Comme chaque soir nous débarquons les pieds dans l’eau (et parfois plus avec la houle) et sommes accueillis par le petit groupe d’hommes et leur meute de chiens qui vivent sur cette plage et veillent, contre petite rémunération, sur notre annexe. Le jour précédent l’arrivée d’Etienne nous aurons la chance de dîner avec une tourterelle blottie au calme dans les mains de Lauriane (elle et les oiseaux…) et au son de la musique cap-verdienne, dont vous pourrez écouter un petit extrait ici (pour les mélomanes exigeants, c’est une prise de son avec le téléphone…).

Le lendemain nous partons au marché municipal, celui situé sur le Plateau et qui regorge de personnes, de bruits, de produits inconnus et de parfums.

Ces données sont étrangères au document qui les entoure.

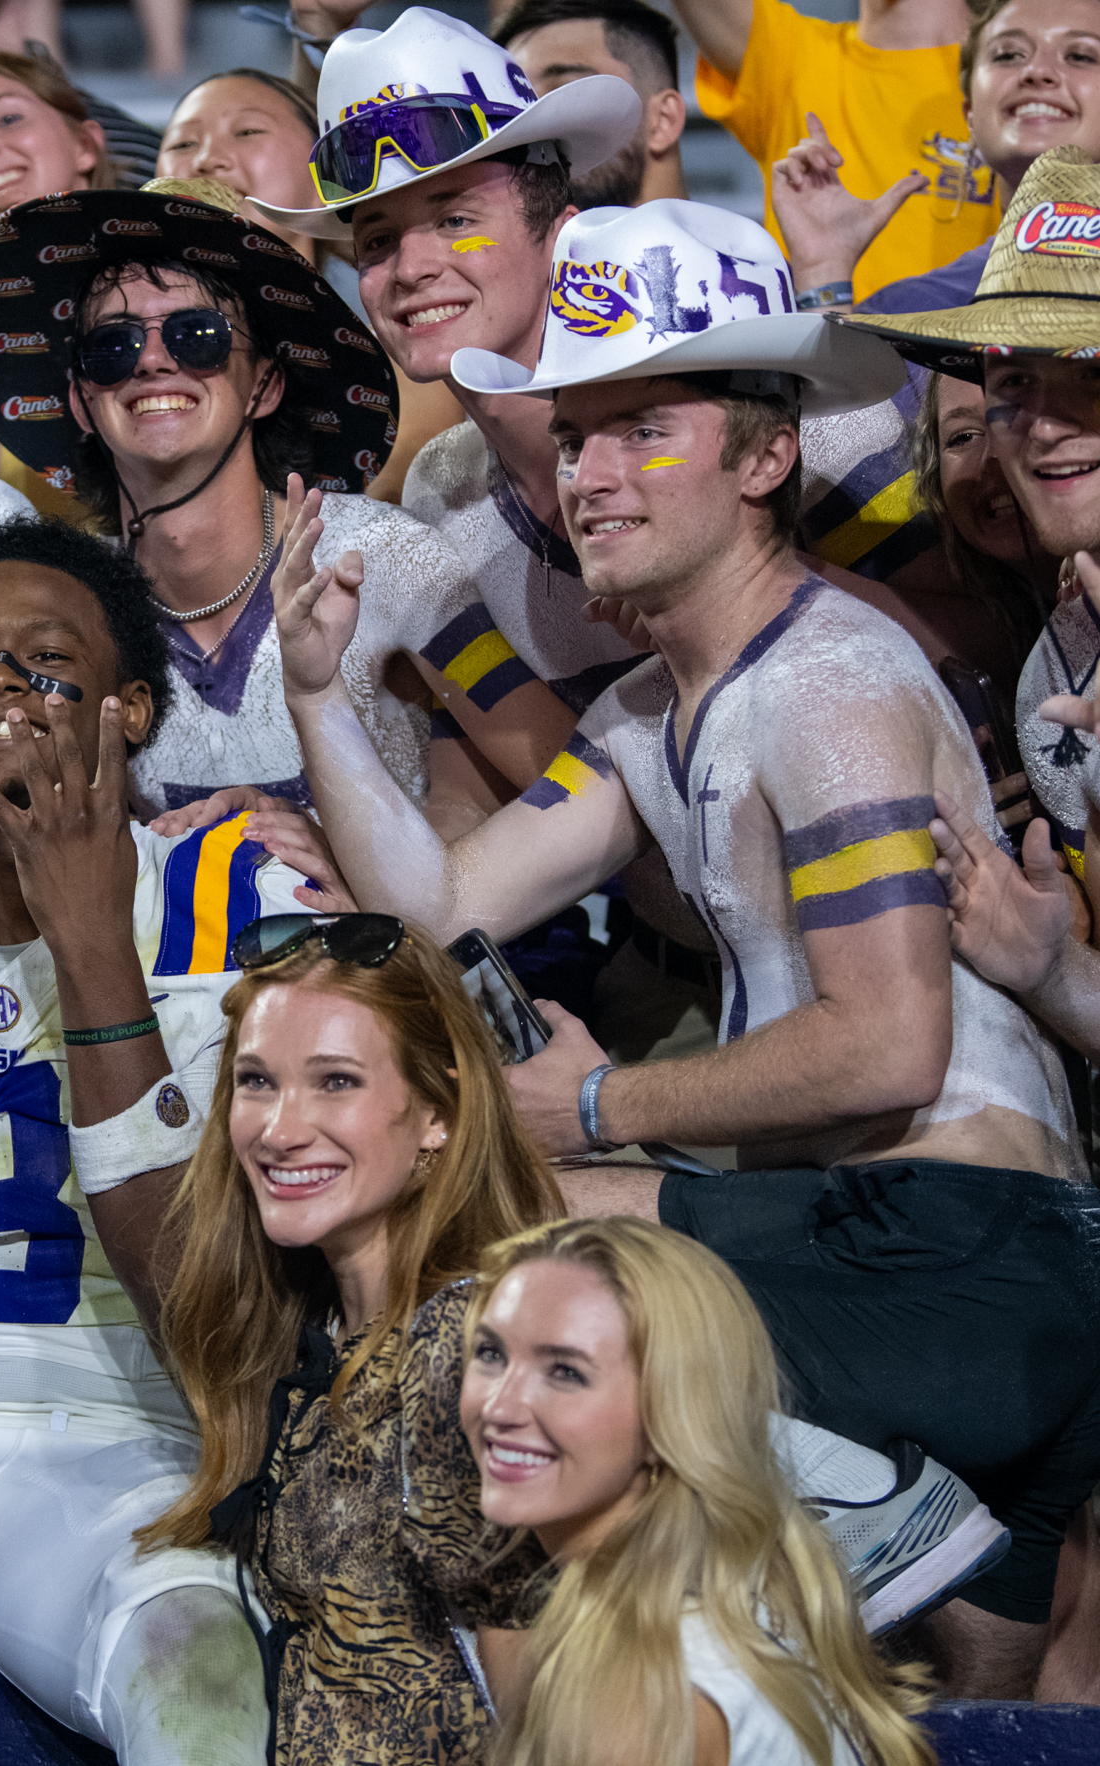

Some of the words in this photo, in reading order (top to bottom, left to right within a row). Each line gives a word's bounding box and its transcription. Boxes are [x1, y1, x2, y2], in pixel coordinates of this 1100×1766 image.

[1055, 203, 1095, 217] Raising
[102, 218, 161, 235] Cane's
[38, 243, 97, 264] Cane's
[3, 395, 62, 421] Cane's
[64, 1031, 98, 1041] owered
[101, 1030, 115, 1041] by
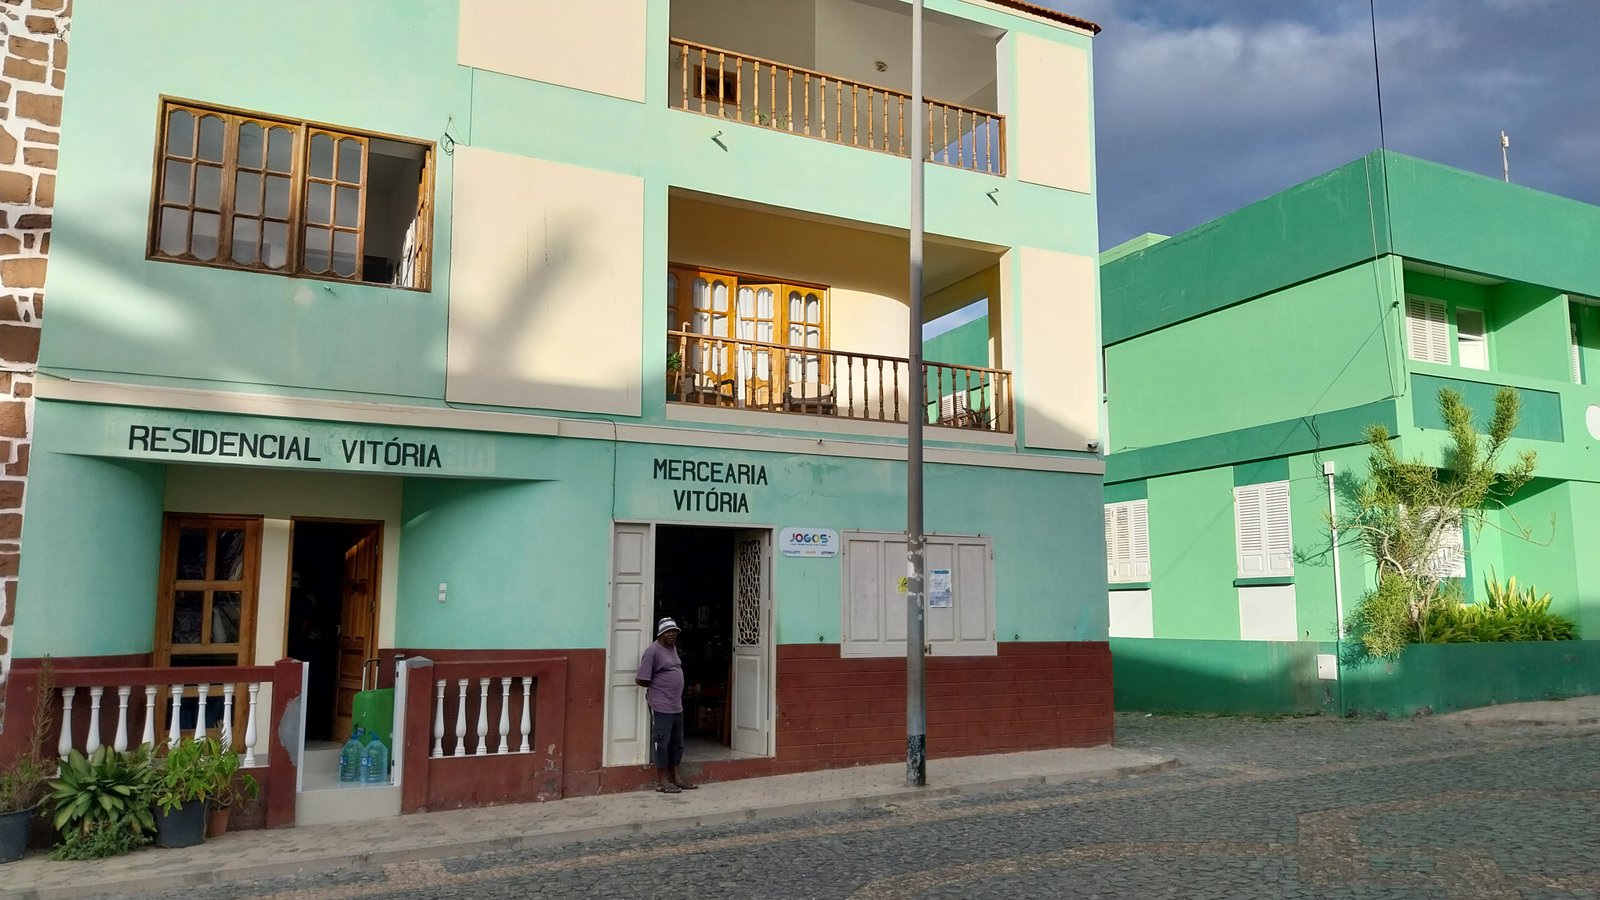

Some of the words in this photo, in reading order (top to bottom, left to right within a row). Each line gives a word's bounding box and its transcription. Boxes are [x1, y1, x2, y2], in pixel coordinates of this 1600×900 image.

[128, 425, 321, 461] RESIDENCIAL
[341, 437, 442, 468] VITÓRIA
[653, 458, 768, 486] MERCEARIA
[673, 487, 750, 513] VITÓRIA
[789, 533, 828, 543] JOGOS
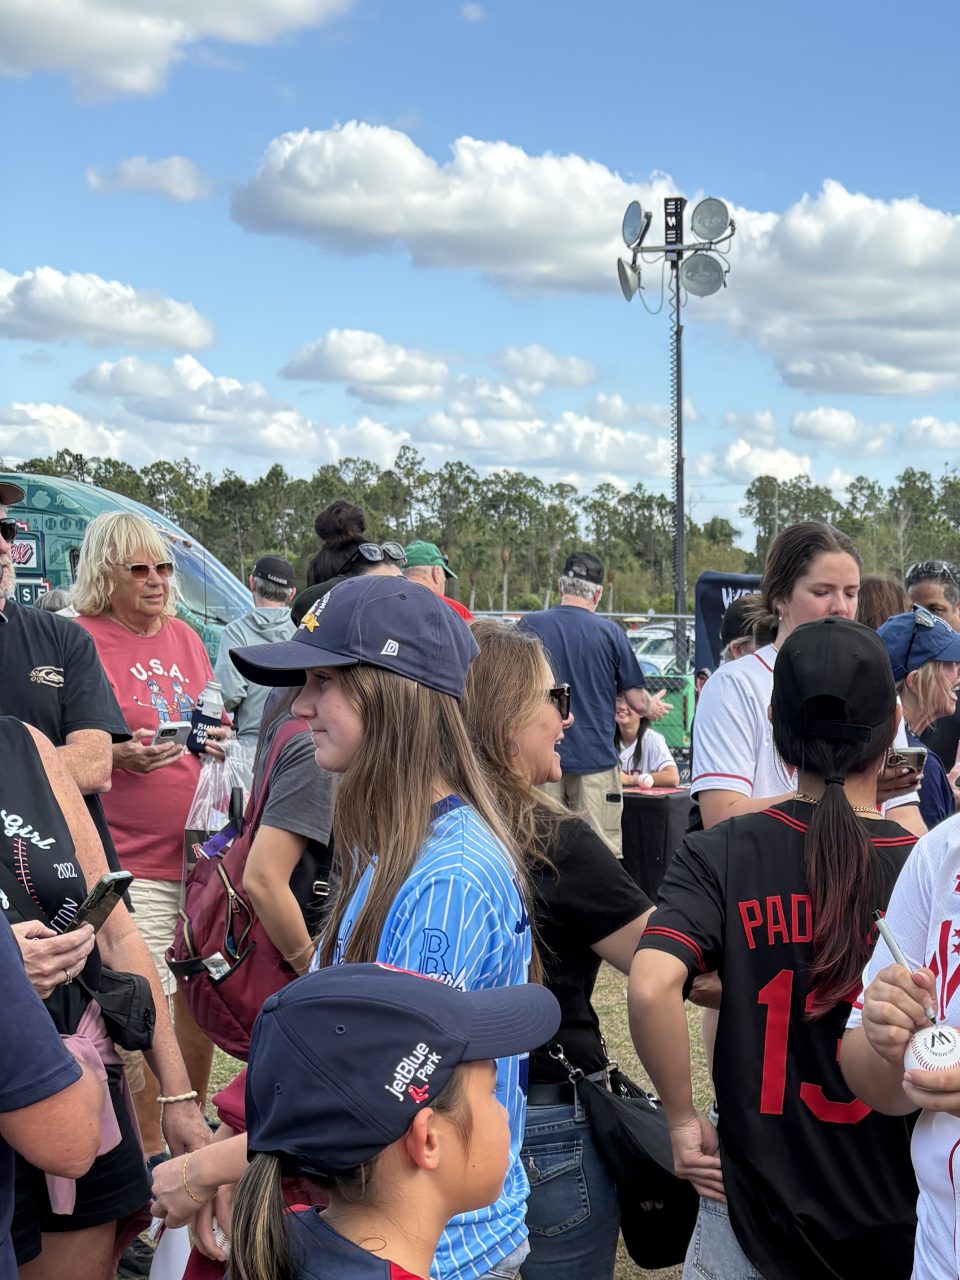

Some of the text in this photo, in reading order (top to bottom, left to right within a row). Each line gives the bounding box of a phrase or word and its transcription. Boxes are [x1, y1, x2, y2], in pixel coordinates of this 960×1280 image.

[130, 659, 189, 683] U.S.A.
[0, 810, 56, 849] Girl
[53, 862, 78, 879] 2022
[384, 1042, 430, 1102] jetBlue
[415, 1051, 442, 1082] Park
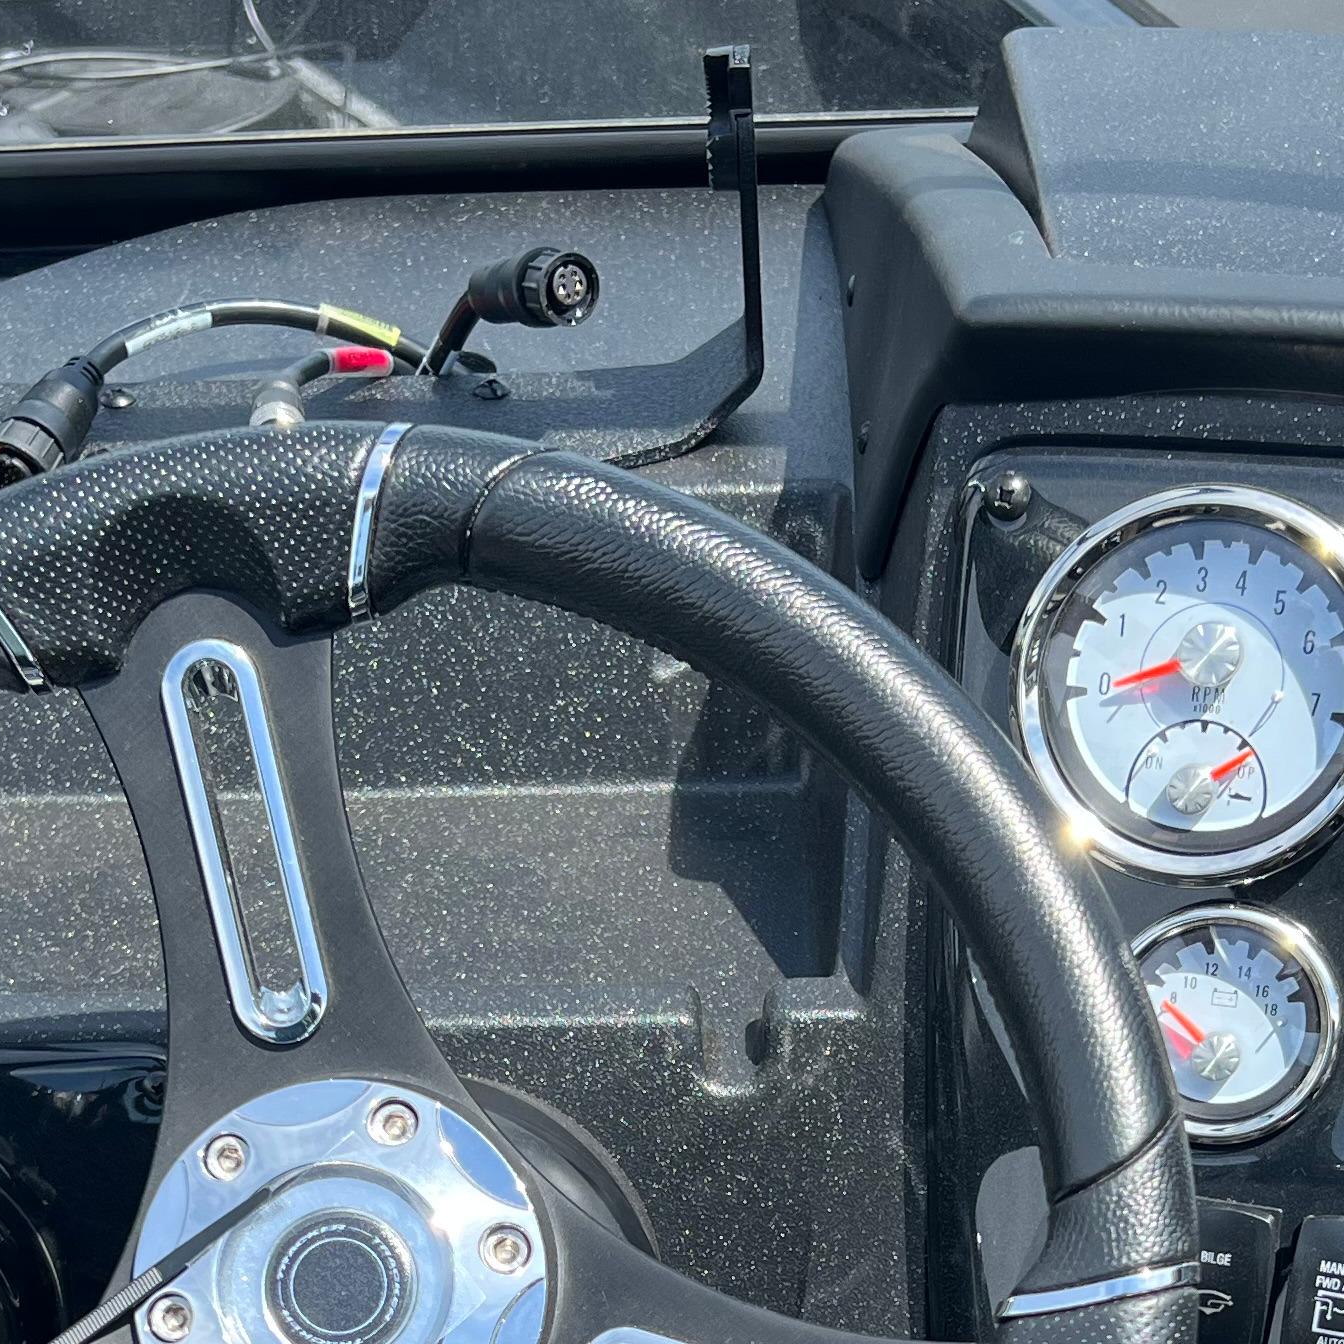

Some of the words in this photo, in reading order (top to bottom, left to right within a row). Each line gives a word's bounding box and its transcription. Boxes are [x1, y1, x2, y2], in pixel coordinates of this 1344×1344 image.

Les fruits et légumes sont exposés mais aucun prix n’est affiché ! Notre chauffeur de taxi privé ne nous ayant pas suivi et notre portugais étant plus que rudimentaire, le prix payé après calcul du change nous paraît totalement prohibitif, à nous l’étiquette de touristes ! Nous repartons les sacs remplis de produits locaux : maracuja, farine de manioc, fleurs d’hibiscus séchées (pour le bissap), graines de baobab, pommes-cannelle… Au retour, Djonni, notre chauffeur de taxi, viendra à bord et sera refait de pouvoir faire un réel Instagram depuis le pont du navire : la jeunesse ici a les mêmes préoccupations que sur le vieux continent! Comme à chaque aller-retour nous nettoyons méticuleusement tout pour éviter qu’un passager clandestin potentiellement envahissant ne prenne place : le cafard. Ils sont nombreux, à la nuit tombée, à se faufiler un peu partout autour de nous, d’où notre grande crainte d’en embarquer malencontreusement un à bord.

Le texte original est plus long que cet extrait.